Why is docker not building a Container as a Service offering?

Running containers across cloud providers is a pain at this moment. Different providers have their own ways of running the containers through their CaaS offerings. Many providers don’t support scaling to zero. Pricing is based on multiple parameters and most of the time same compute on a CaaS offering cost 3-4 times of the VM with similar specs.

Many (small) startups are not interested in kubernetes because of its complexity and number of people required to manage it. So the need of the hour for such startups is a simple CaaS offering with simple pricing and ability to scale to zero at a minimum. Cloudflare recently released the ability to run the containers in the production environment. However it seems to me that docker has a good opportunity here to make an impact considering the fact that most the developers are using docker in their development environments for containerized applications.

Creators of MongoDB has made it very simple to run it across a number of hyperscalers through the Atlas offering and IMO docker can build a similar offering making it possible to run containers in a unified manner across a number of cloud providers. This is not possible at this moment unless one is using self managed k8s which as I mentioned earlier is not the first priority for small startups.

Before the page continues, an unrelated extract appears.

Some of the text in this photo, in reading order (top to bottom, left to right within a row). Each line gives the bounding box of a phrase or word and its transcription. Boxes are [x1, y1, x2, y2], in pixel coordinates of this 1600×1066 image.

Do I understand you correctly that you would like to run containers in production using Docker Swarm and you would like to have a service provided by Docker Inc to run containers where you can scale to 0?

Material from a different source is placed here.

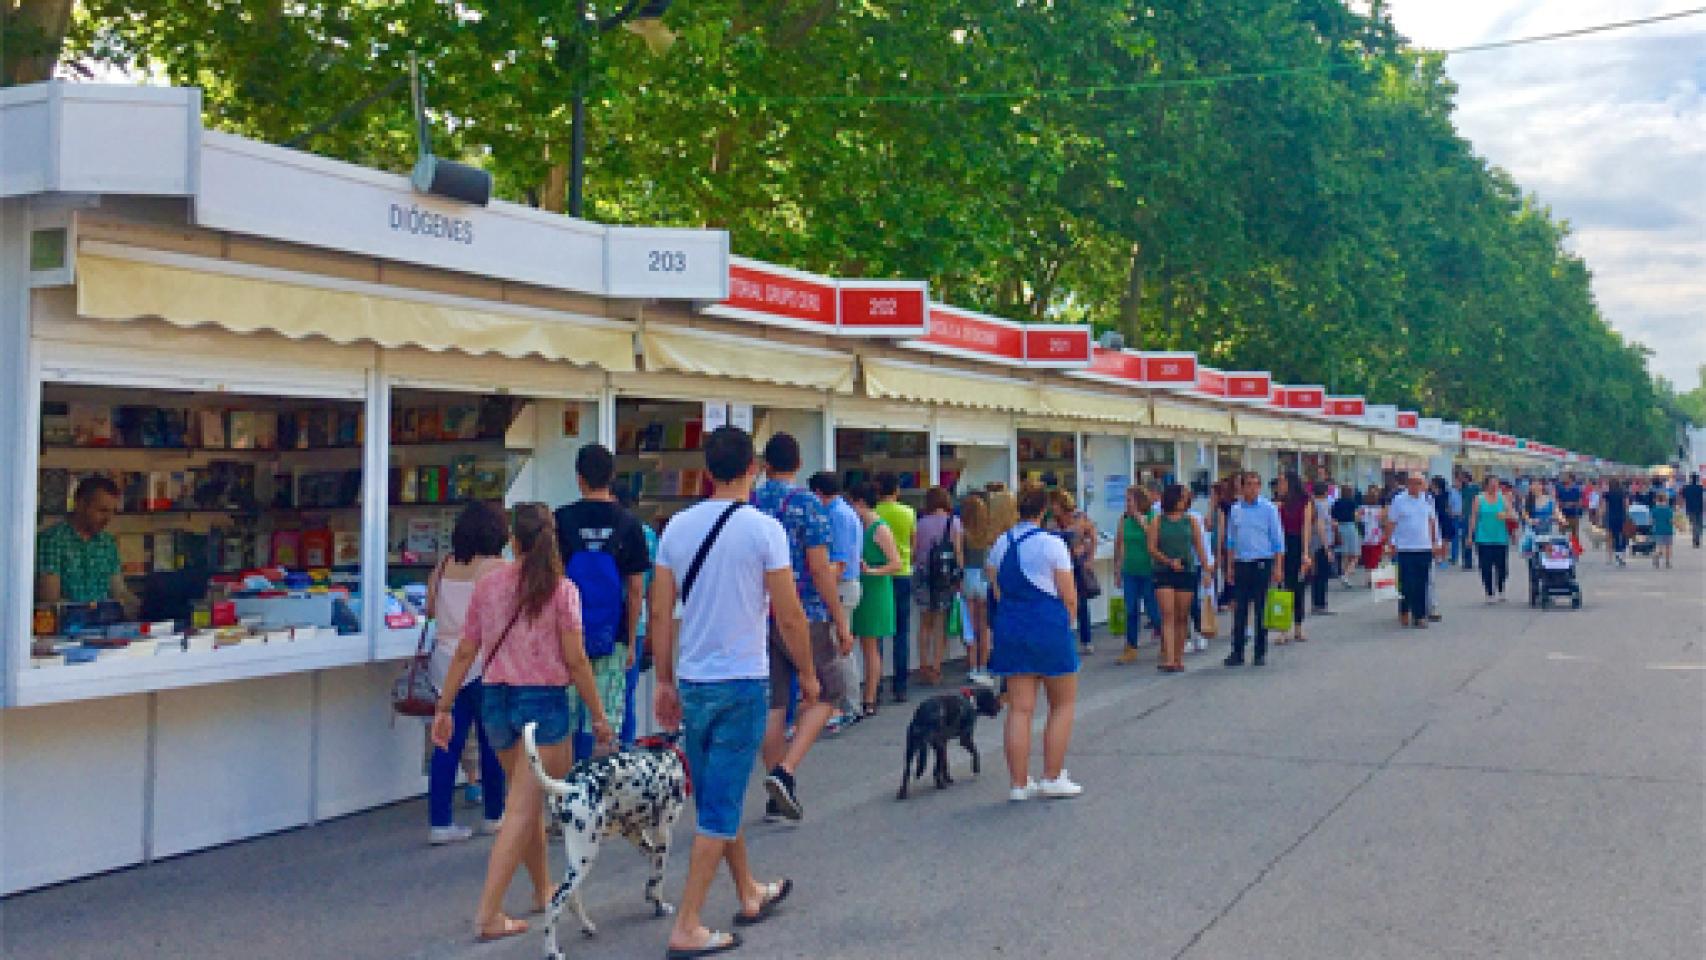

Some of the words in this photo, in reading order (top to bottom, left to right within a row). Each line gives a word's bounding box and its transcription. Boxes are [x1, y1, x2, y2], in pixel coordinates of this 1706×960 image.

[390, 203, 473, 244] DIÓGENES
[648, 250, 686, 271] 203
[869, 297, 897, 315] 202

Your post would be a perfect feature request in the roadmap on GitHub

As I see, Docker focuses on development environments and features on Docker Hub to build and store images. Also tools to support these. Docker Enterprise was bought by Mirantis years ago, so when it comes to container orchestration for enterprises, you probably want to check out what they can offer.

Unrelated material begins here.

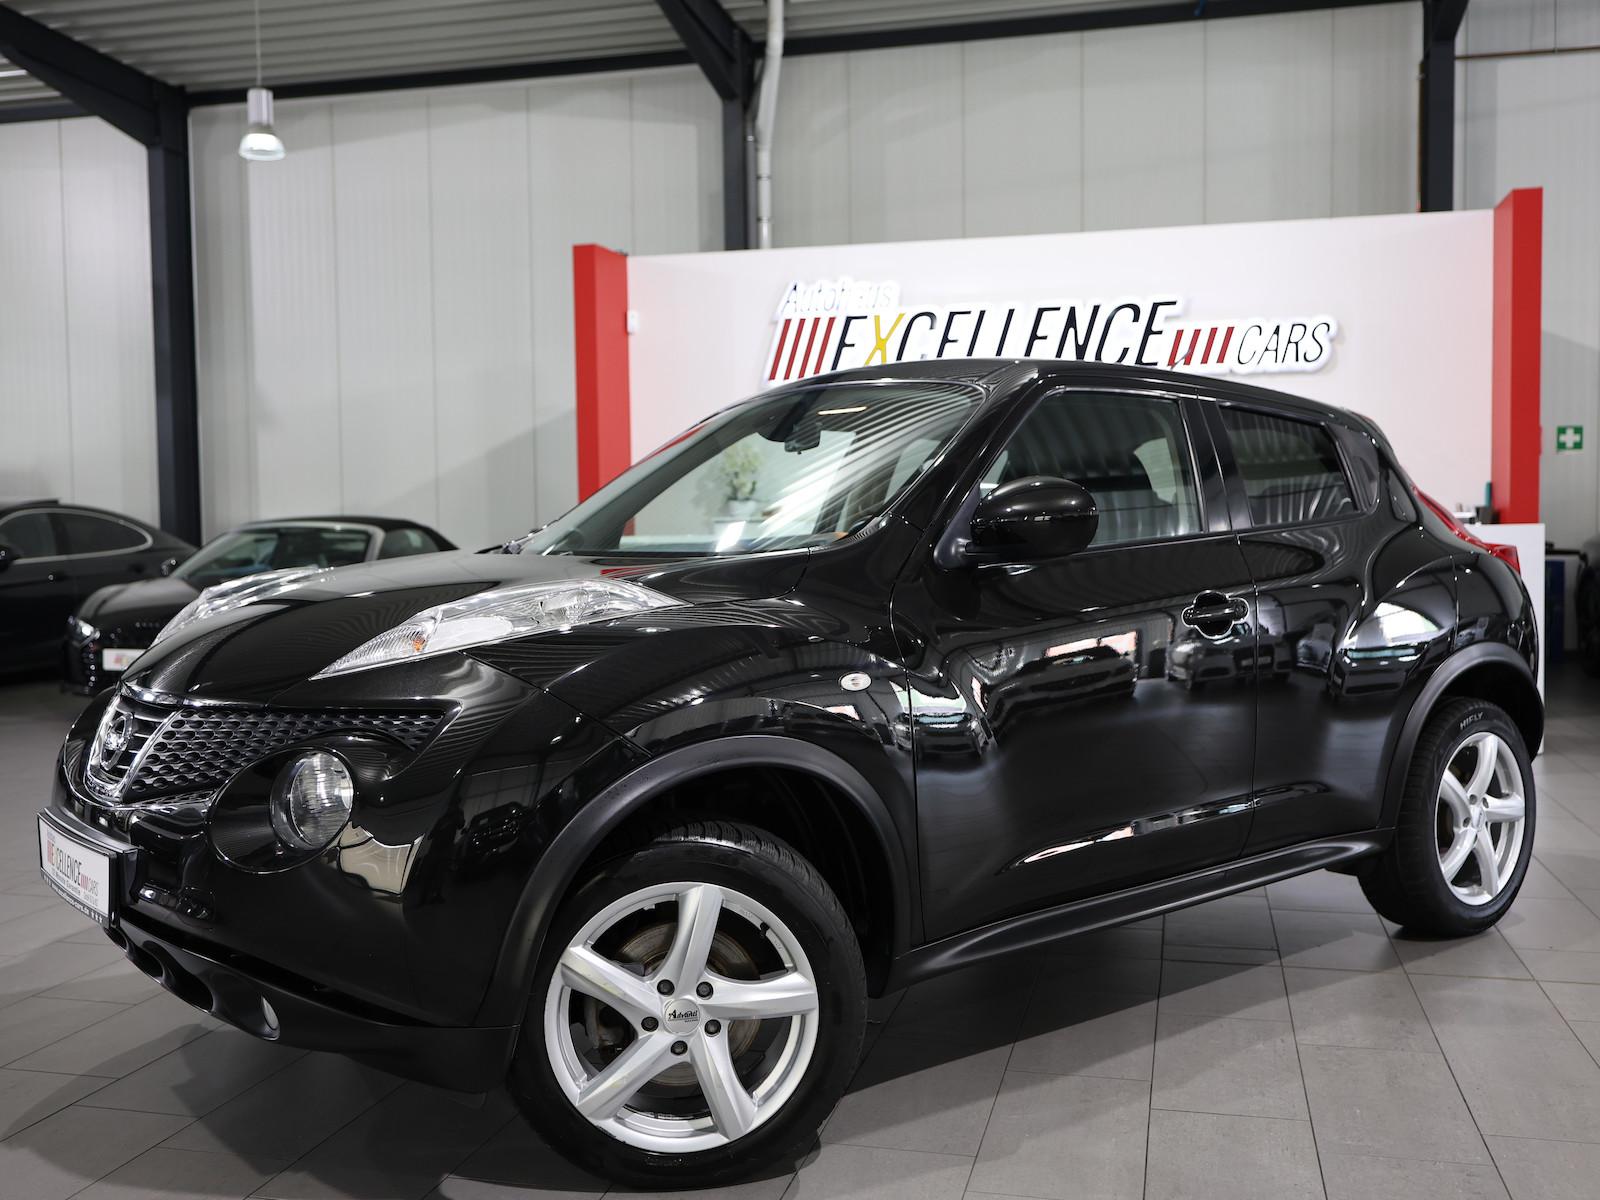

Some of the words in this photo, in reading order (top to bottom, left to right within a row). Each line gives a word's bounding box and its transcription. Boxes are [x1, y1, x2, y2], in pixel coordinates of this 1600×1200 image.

[780, 281, 892, 312] Autohus
[1237, 322, 1331, 365] CARS
[1460, 711, 1483, 730] HIFLY

Your feature requiest in the roadmap could still be valuable as you could let Docker Inc know it is something people miss and who knows what they do later.

Interesting question. Why do you think a software company should turn into a container hosting company? It’s a completely different business and business model.

Trying to find an anology. Why don’t car companies build toll highways? :wink:

You can never know :slight_smile: They already have Docker Build Cloud and Docker Hub. Microsoft was a software company too and they have Azure.

Many startups are looking for a simple serverless CaaS offering where a developer need not to manage underlying infra (e.g. VM) or a container orchestration engine (e.g. docker, k8s etc). It is all about simplifying the developer experience which, IMO, is being done by only cloudflare at this moment. I have looked into serverless CaaS offerings from fly.io, AWS, Azure, GCP and many other providers but there are one or more issues which makes these offering not user friendly for developers and small startups.

It should be as simple as providing an image, compute specification and environment variables and the CaaS offering should run the containers without developers breaking their head into complex pricing, egress charges etc.

Have created a discussion for this in docker roadmap repository - Why is docker not building a Serverless CaaS offering? · docker/roadmap · Discussion #725 (github.com)

It is more about orchestration than providing IaaS services. One has to simply create docker hosts with lightning speed and destroy these when there are no requests. This is very simple explanation and it may be quite complex to achieve in practice. However, given the fact that team docker has expertise to run docker containers at scale and solve this kind of problems, this should NOT be a big problem for them IMO.

Would you like to have it only for development used by developers without enough resources on there machine or should it be something that you could share with a client? I think anything that helps development has a bigger chance to happen.